Non-QM Mortgages are designed for self-employed people Agency lender Fannie Mae, Freddie, FHA, and VA lenders underwriting guidelines prevent self-employed people from purchasing real estate. Non-Qualifying mortgages benefit by providing alternative documentation loan programs to the under-served self-employed American.
Non-QM loans are based on the borrowers “ability to repay“. Non-QM Mortgage lending is about alternative documentation in the areas of income documentation and employment verification documentation.
Flexibility is key to one’s success. All of these loan programs are manually underwritten, individually.
These mortgage programs, in large part, are for self-employed borrowers (>25% company ownership) as well as 100% commission/W2 wage earners.
However some of these loan programs also benefit borrowers that have a >43% debt to income ratio.

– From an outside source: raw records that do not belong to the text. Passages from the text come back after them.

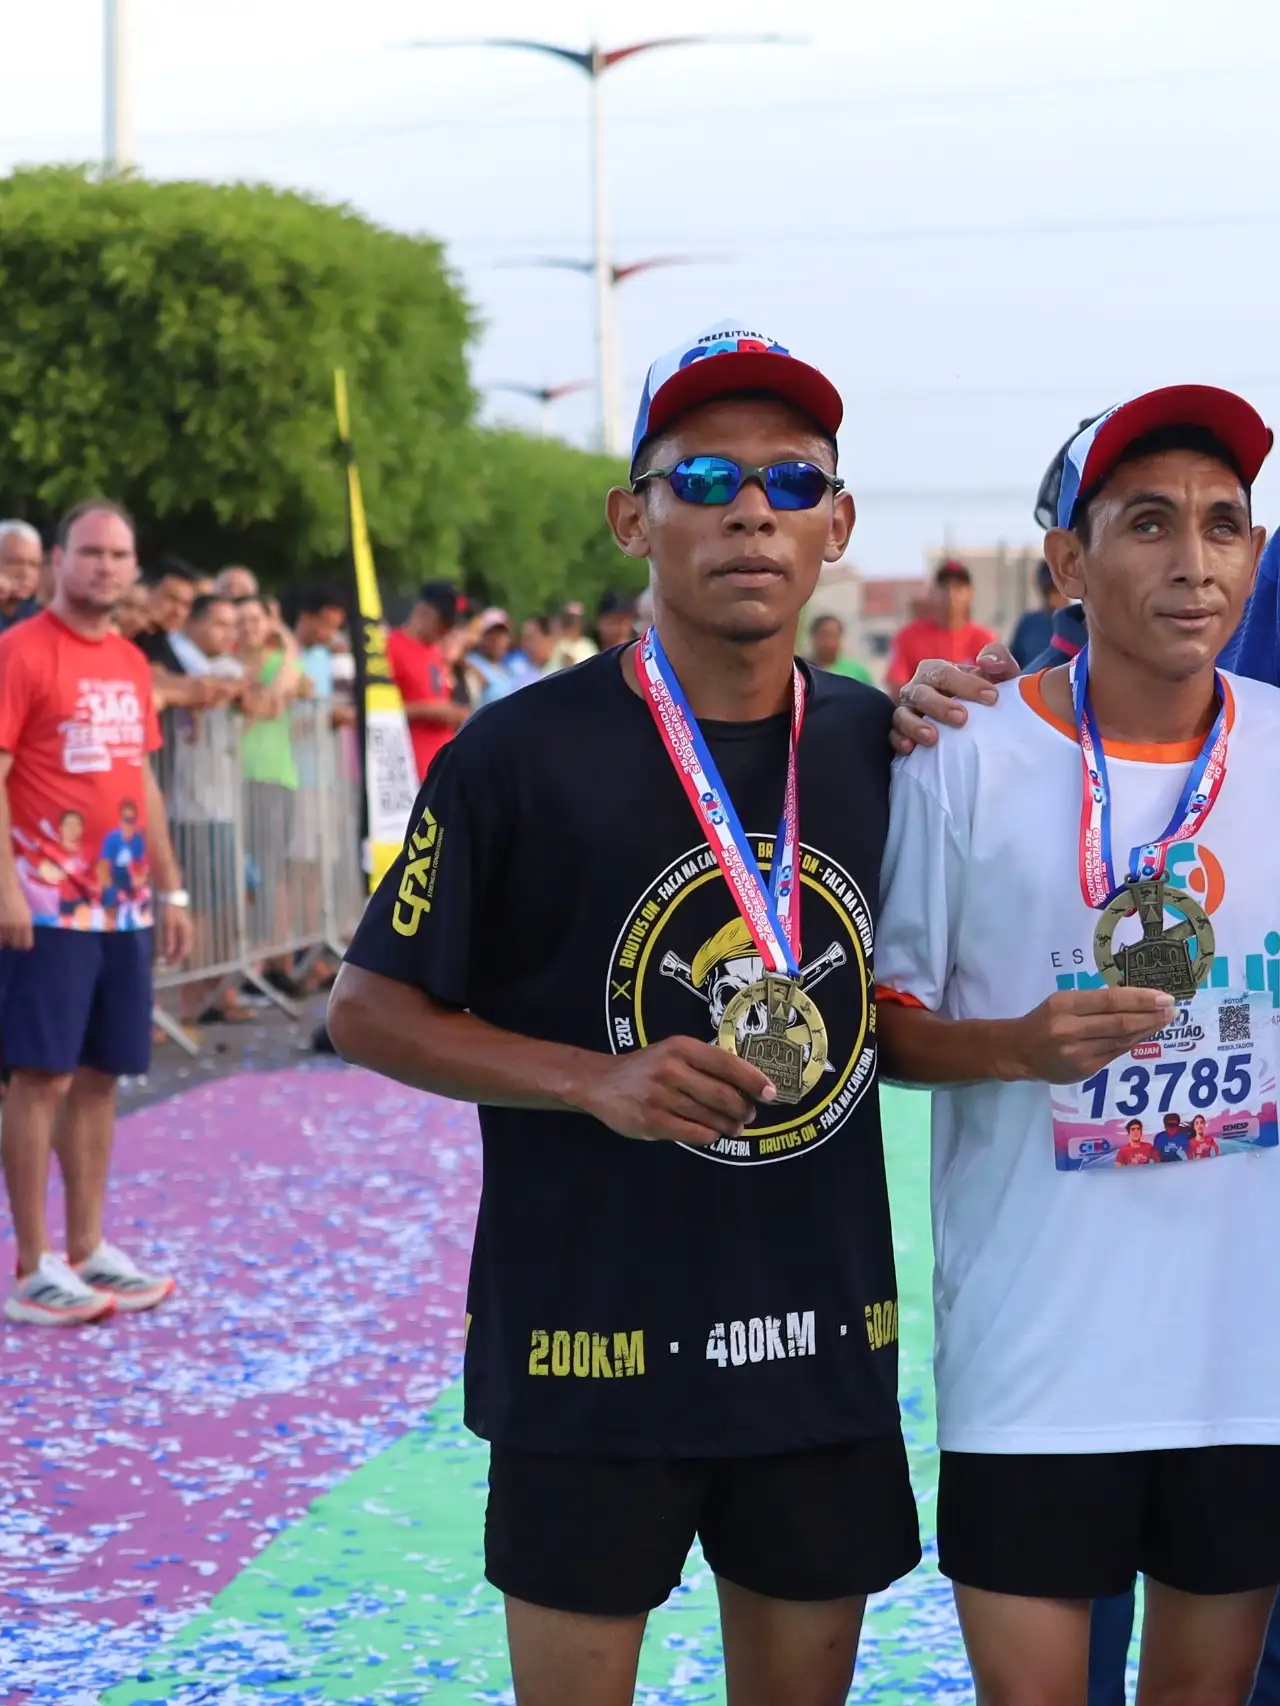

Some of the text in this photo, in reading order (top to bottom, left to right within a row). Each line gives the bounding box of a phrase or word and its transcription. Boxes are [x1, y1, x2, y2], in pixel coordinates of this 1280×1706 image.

[698, 330, 764, 345] PREFEITURA
[647, 683, 661, 702] DE
[652, 678, 689, 746] SEBASTIÃO
[655, 703, 685, 756] CORRIDA
[427, 870, 437, 898] STRENGTH
[720, 848, 733, 867] DE
[726, 843, 764, 914] SEBASTIÃO
[1084, 828, 1095, 898] CORRIDA DE
[1091, 827, 1103, 894] SEBASTIÃO
[619, 917, 650, 968] BRUTUS
[640, 899, 661, 921] ON
[680, 859, 700, 879] NA
[728, 868, 758, 922] CORRIDA
[802, 854, 875, 958] ON FACA NA CAVEIRA
[614, 1016, 634, 1048] 2022
[869, 1003, 877, 1034] 2022
[1132, 1046, 1160, 1056] 20JAN
[1217, 1042, 1254, 1052] RESULTADOS
[710, 1138, 750, 1156] CAVEIRA
[759, 1132, 802, 1155] BRUTUS
[801, 1123, 817, 1140] ON
[838, 1092, 851, 1110] NA
[849, 1047, 875, 1093] CAVEIRA
[1081, 1053, 1252, 1119] 13785
[1222, 1122, 1249, 1132] SEMESP
[528, 1329, 645, 1378] 200KM
[706, 1310, 816, 1368] 400KM

Additionally, for any borrower that has <2 years (12 month employment verification) employment history (not the traditional 2-year requirement) can still qualify. Some lenders just require what’s called a verbal verification of employment (VVOE)

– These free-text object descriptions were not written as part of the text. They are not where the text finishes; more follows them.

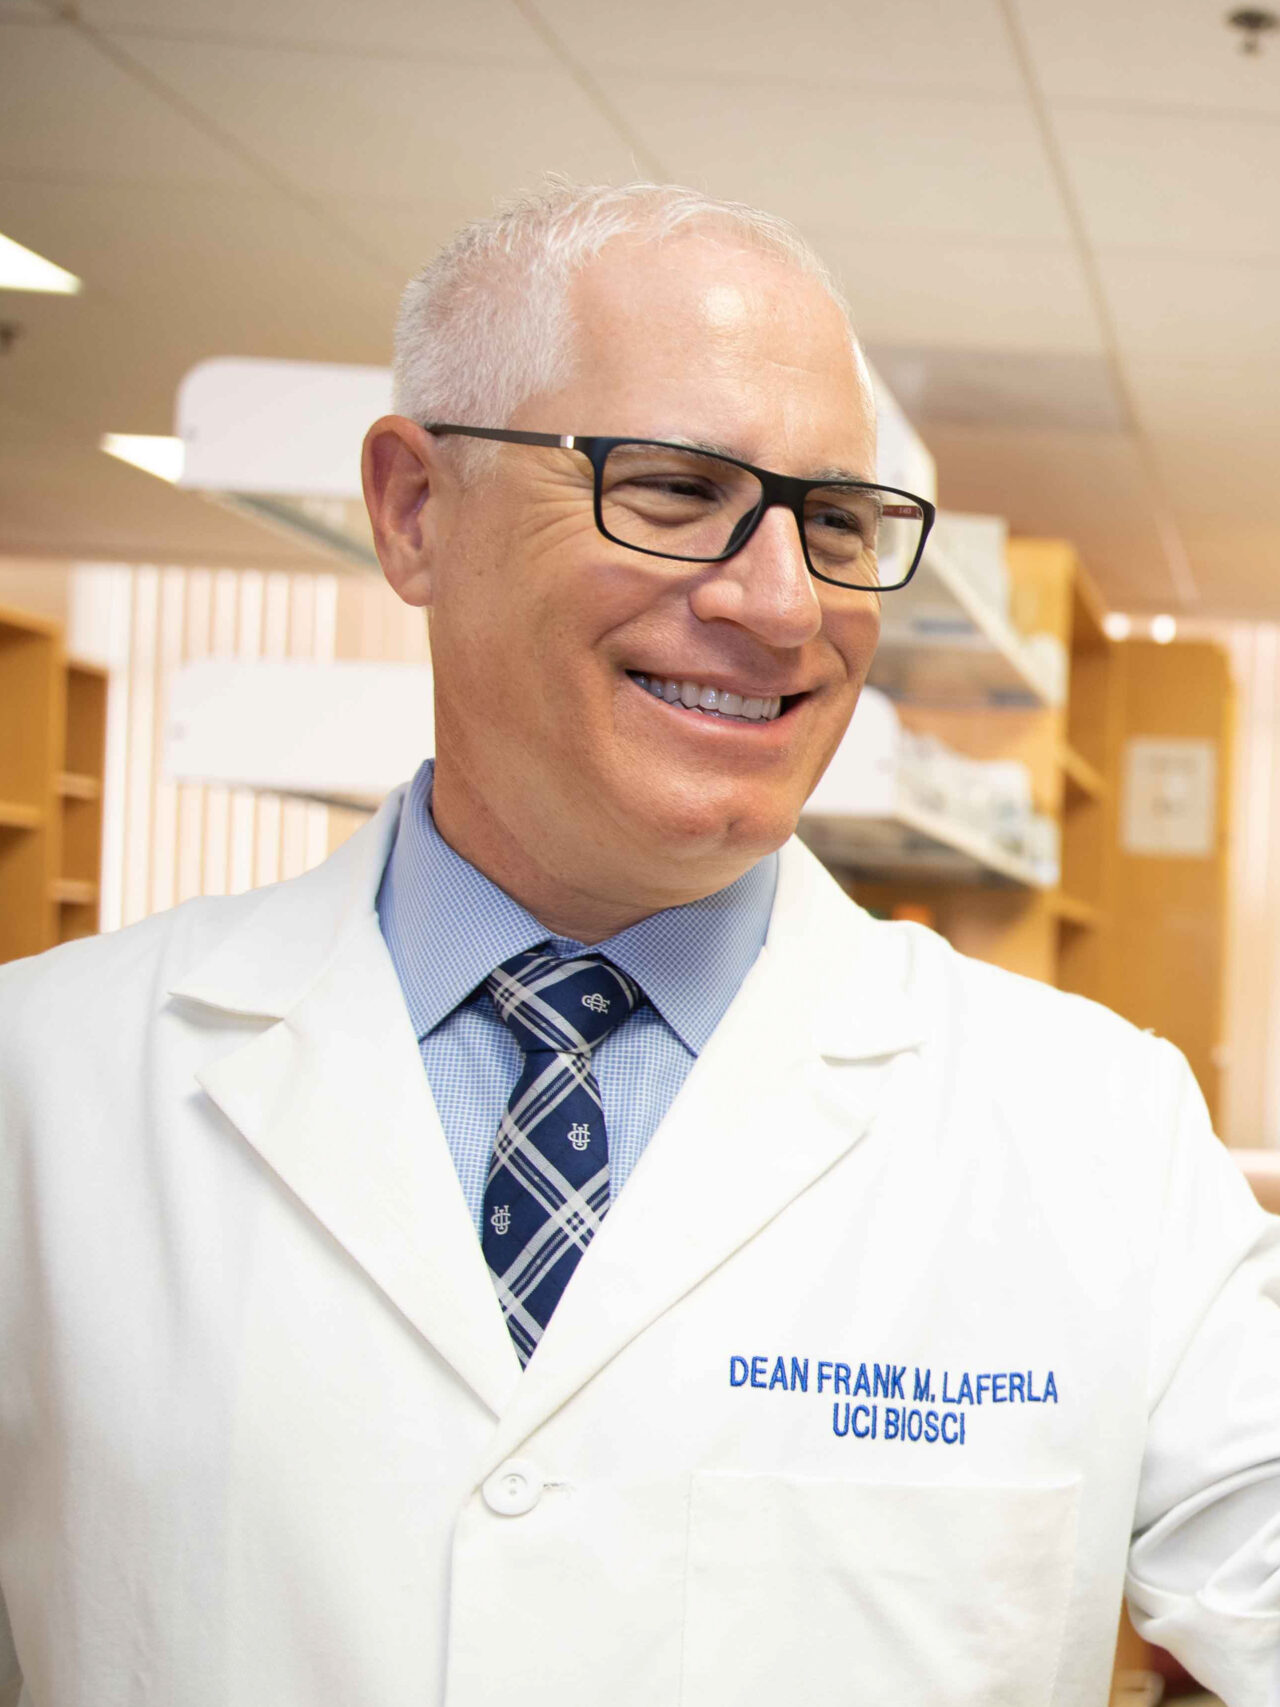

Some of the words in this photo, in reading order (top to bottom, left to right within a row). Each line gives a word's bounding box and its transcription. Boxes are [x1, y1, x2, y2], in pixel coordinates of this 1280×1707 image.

[729, 1355, 809, 1393] DEAN
[817, 1361, 907, 1400] FRANK
[912, 1367, 936, 1403] M.
[941, 1370, 1059, 1406] LAFERLA
[832, 1402, 878, 1440] UCI
[883, 1406, 966, 1446] BIOSCI

Also, reduced credit scores, reduced seasoning on major “credit events” such as bankruptcy, foreclosure, short sale, and loan modification, these non qualified programs are also called non-prime, a subcategory of non QM product.

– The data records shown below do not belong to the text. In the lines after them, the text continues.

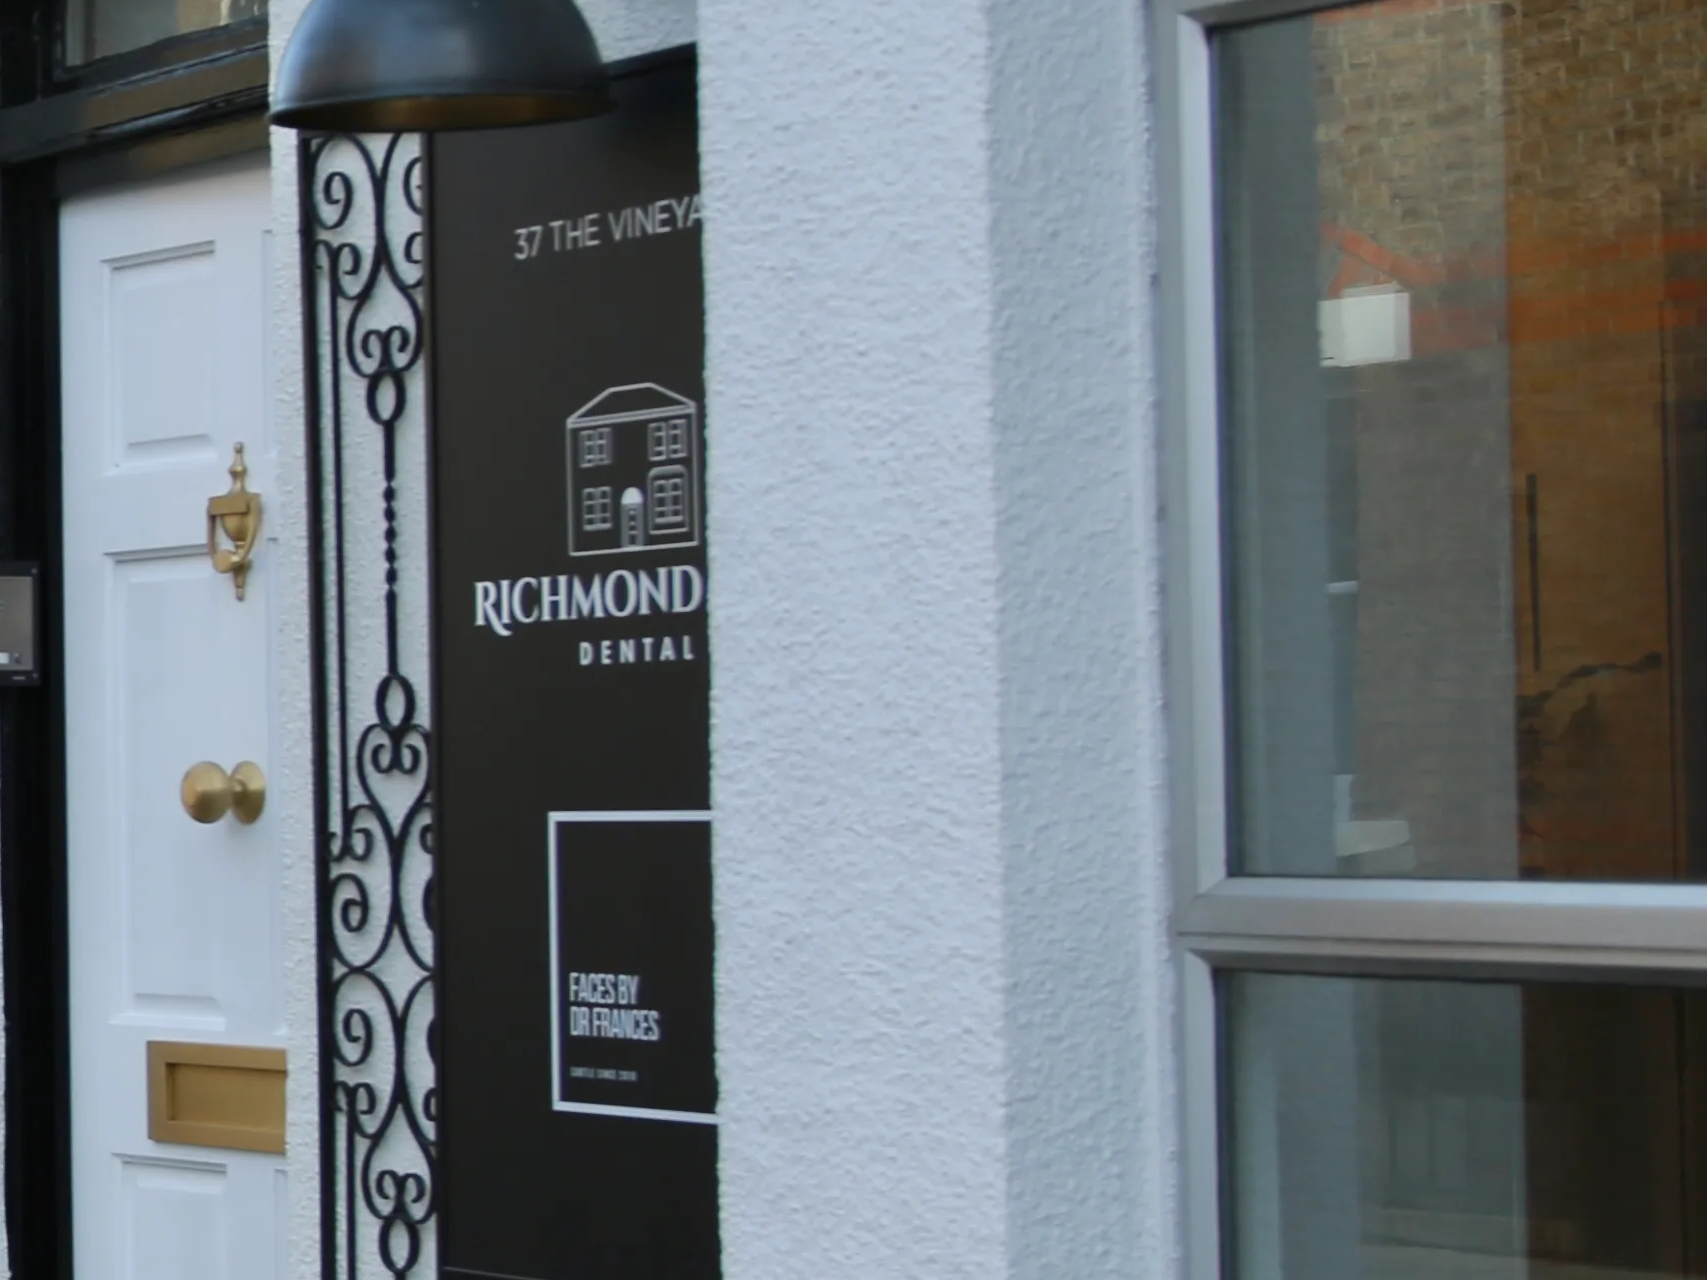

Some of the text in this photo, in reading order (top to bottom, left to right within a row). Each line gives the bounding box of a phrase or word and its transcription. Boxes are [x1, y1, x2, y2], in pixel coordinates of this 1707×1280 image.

[513, 224, 544, 261] 37
[548, 212, 603, 252] THE
[473, 564, 704, 637] RICHMOND
[578, 634, 695, 667] DENTAL
[569, 972, 640, 1005] FACES BY
[569, 1006, 661, 1041] DR FRANCES

Also available is the interest only payment feature (monthly payment option to pay only the interest due for that particular month). Real estate investors that have up to 20 finance properties and their real estate investment portfolio are included.
These alternative income documentation programs include asset based and asset depletion as a standalone income source or in conjunction with bank statements (cash flow), business or personal bank account(s), to illustrate a borrower’s ability to repay. Mortgage lenders will also accept “borrower prepared” and “unaudited” P&L statements.